Two forces act on a 0.200 kg ant: F1 =(3.00i - 8.00j)N and F2=(5.00i + 3.00j)N.
Express the net acceleration of the ant in unit vector notation.
The resultant force is 8.00 i - 5.00 j Newtons. Divide that by the mass (0.2 kg) for the acceleration vector, in m/s^2.
To find the net acceleration of the ant, we need to calculate the resultant force and then divide it by the mass of the ant.
Given that the resultant force is 8.00 i - 5.00 j Newtons, we can express it as a vector:
R = 8.00 i - 5.00 j N
and the mass of the ant is 0.200 kg.
To find the net acceleration, we can use Newton's second law of motion, which states that the net force acting on an object is equal to the mass of the object multiplied by its acceleration:
Fnet = m * a
In this case, the net force is the resultant force, R.

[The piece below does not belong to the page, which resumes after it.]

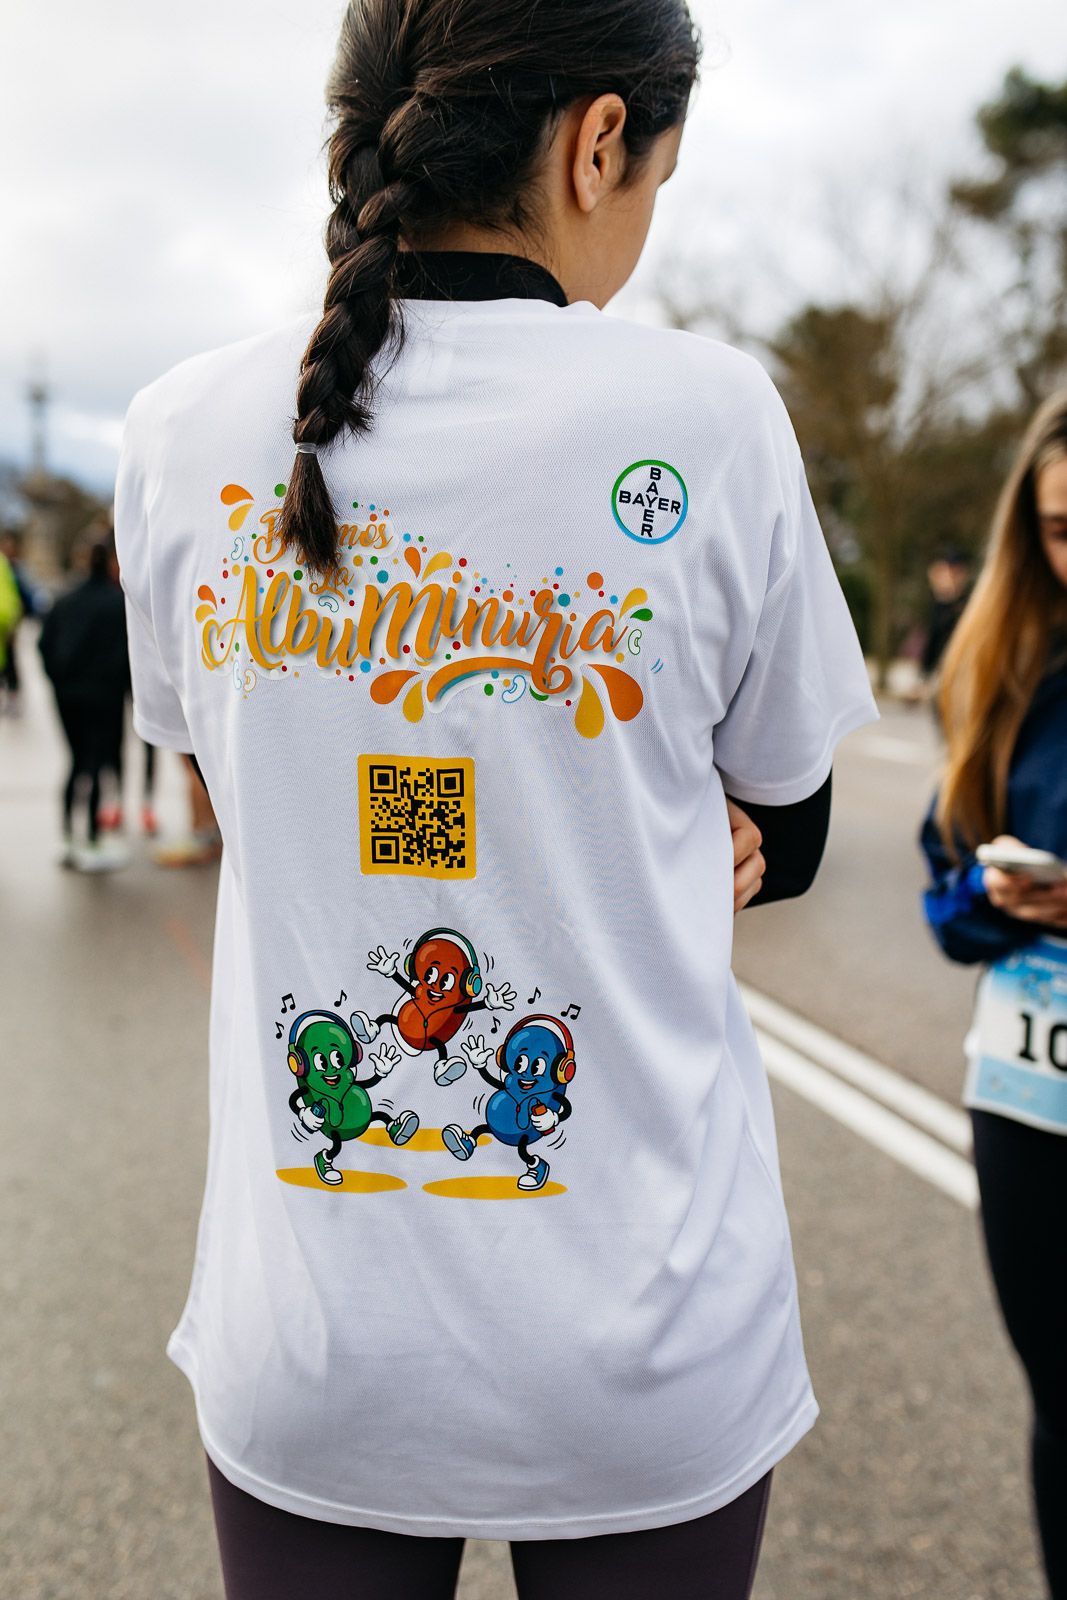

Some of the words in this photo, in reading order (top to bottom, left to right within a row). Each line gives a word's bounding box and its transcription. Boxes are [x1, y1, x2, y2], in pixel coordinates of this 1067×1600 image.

[619, 490, 681, 514] BAYER
[640, 467, 661, 538] BAYER
[201, 565, 628, 702] AlbuMinuria

So, we can rewrite the equation as:
R = m * a
To find the acceleration vector, we need to divide the resultant force vector by the mass:
a = R / m
Substituting the values, we have:
a = (8.00 i - 5.00 j N) / 0.200 kg
Dividing each component of the resultant force vector by the mass, we get:
a = (8.00 / 0.200) i - (5.00 / 0.200) j m/s^2
Simplifying the equation, we get:
a = 40 i - 25 j m/s^2
Therefore, the net acceleration of the ant, expressed in unit vector notation, is 40 i - 25 j m/s^2.